* **Task instructions**:
Omit the pictures, please, and give each record below again exactly.

* **Provided information**:
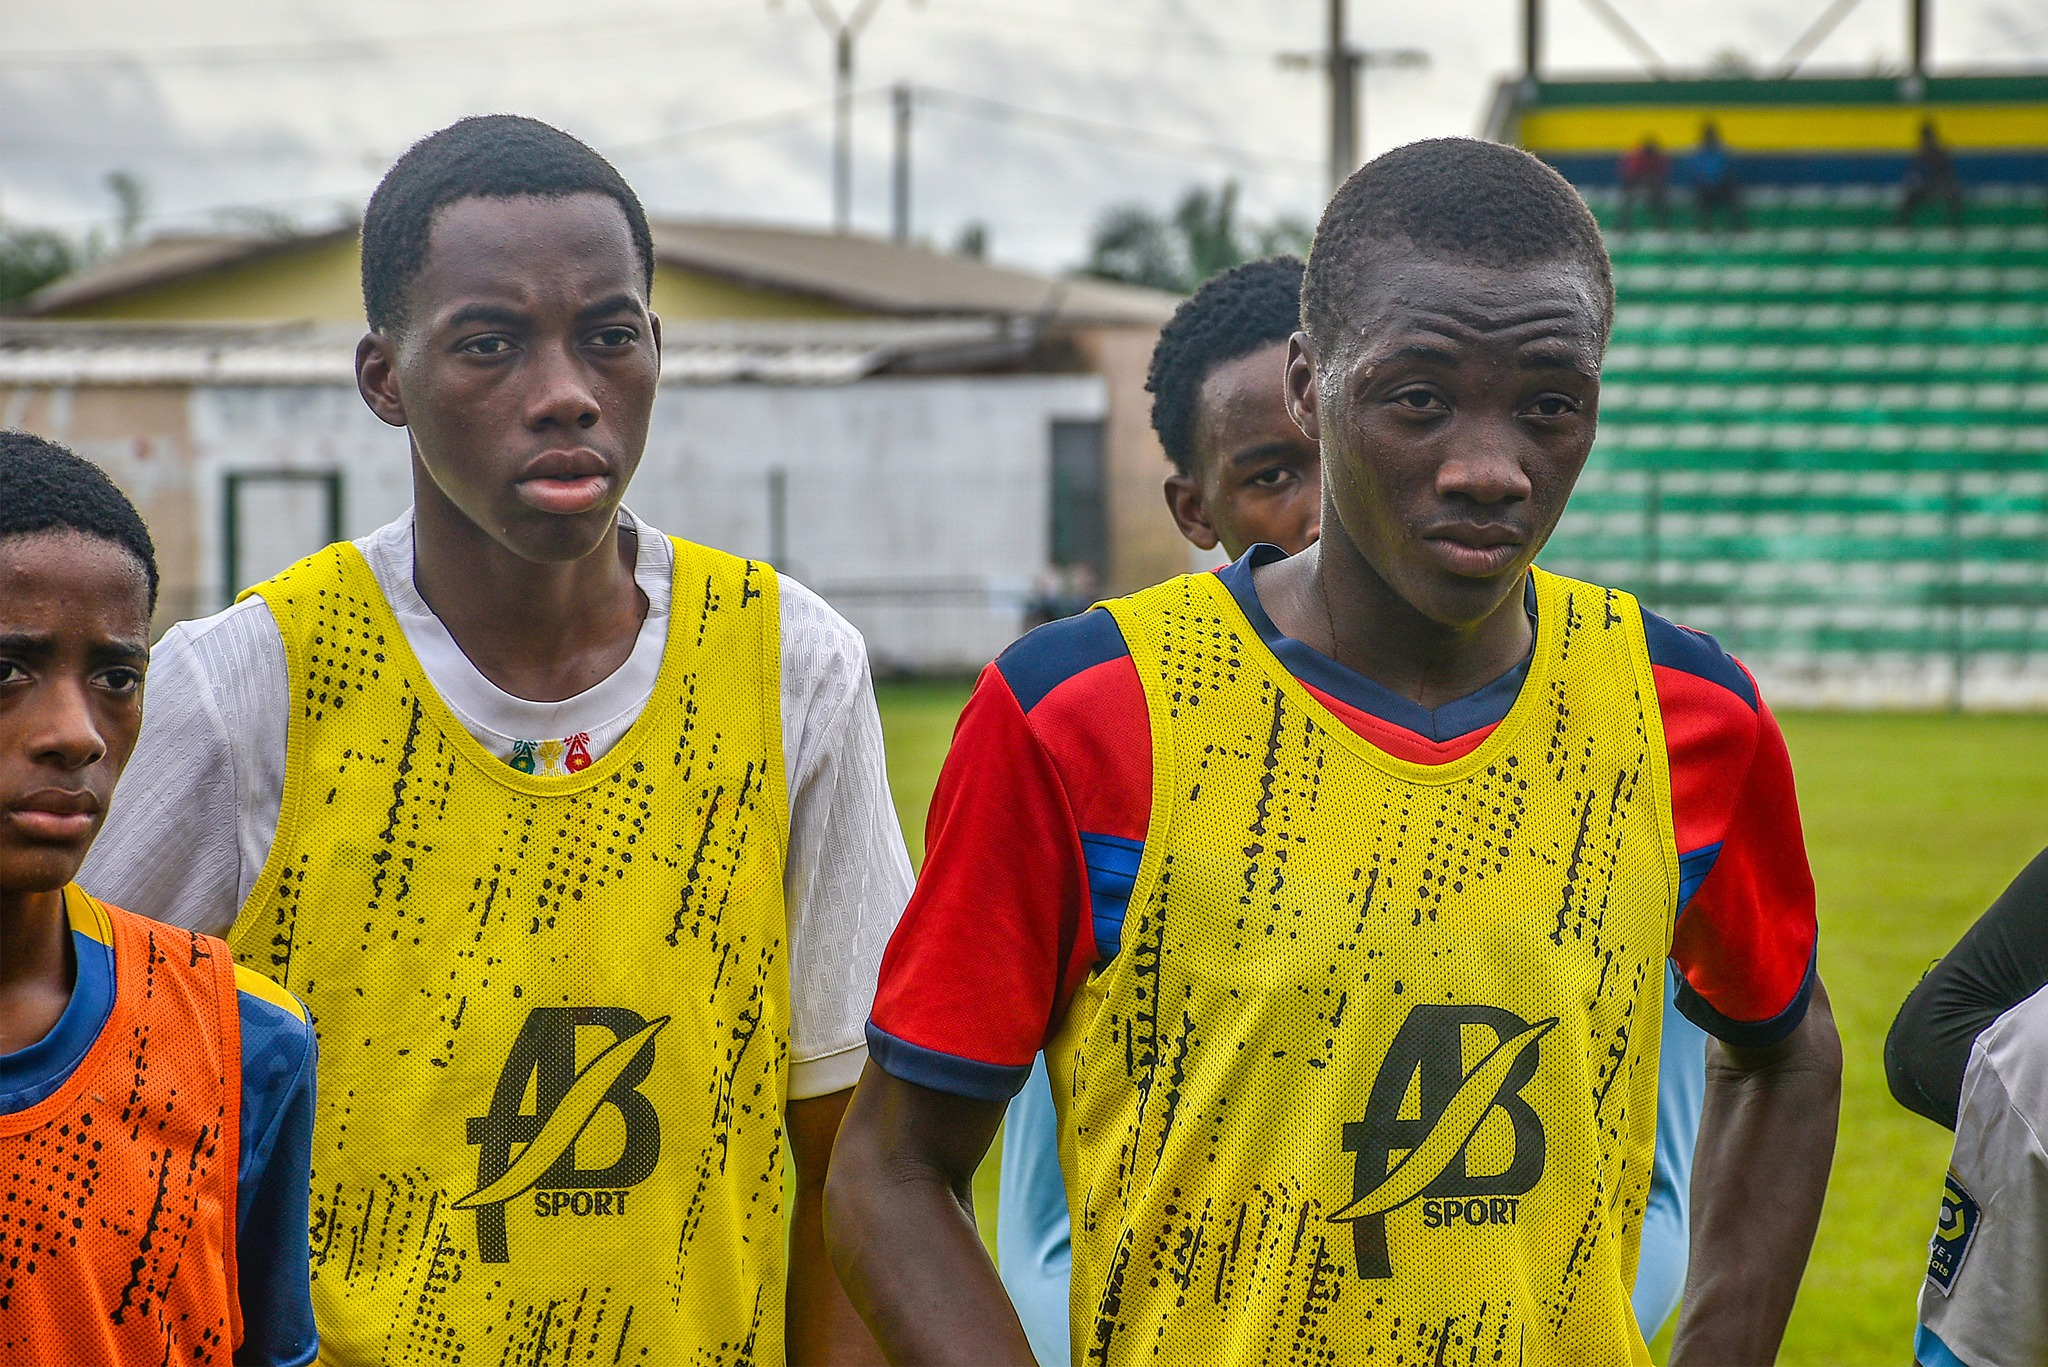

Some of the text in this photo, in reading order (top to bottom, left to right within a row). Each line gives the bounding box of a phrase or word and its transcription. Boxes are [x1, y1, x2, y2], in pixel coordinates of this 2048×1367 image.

[465, 1006, 662, 1264] AB
[1341, 1003, 1546, 1280] AB
[534, 1190, 630, 1218] SPORT
[1422, 1198, 1520, 1229] SPORT
[1930, 1256, 1949, 1277] ats
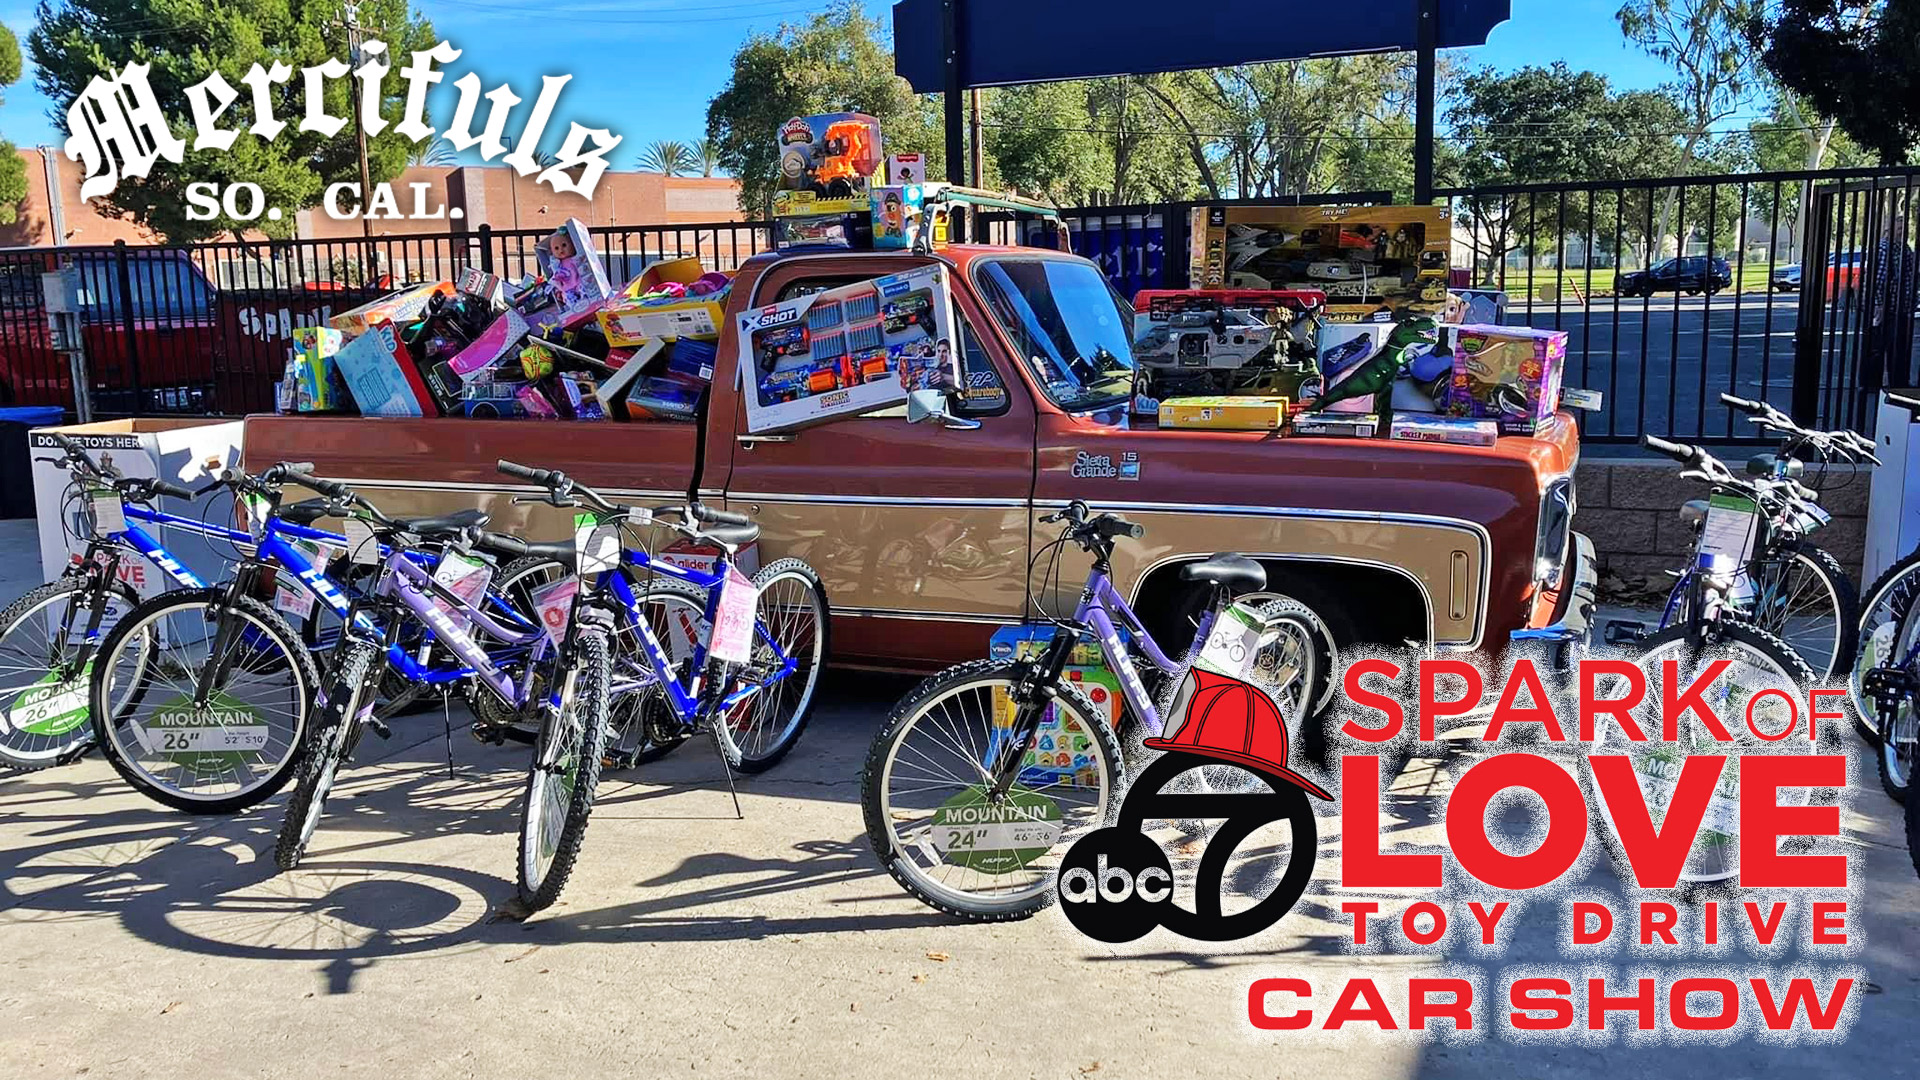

* **Answer space**:
Some of the text in this photo, in reading order (top to bottom, left to right within a row). Each line gives the bounding box of a phrase or word and its transcription. Boxes are [x1, y1, x2, y2], in pixel coordinates of this 2048×1367 image.

[465, 1006, 662, 1264] AB
[1341, 1003, 1546, 1280] AB
[534, 1190, 630, 1218] SPORT
[1422, 1198, 1520, 1229] SPORT
[1930, 1256, 1949, 1277] ats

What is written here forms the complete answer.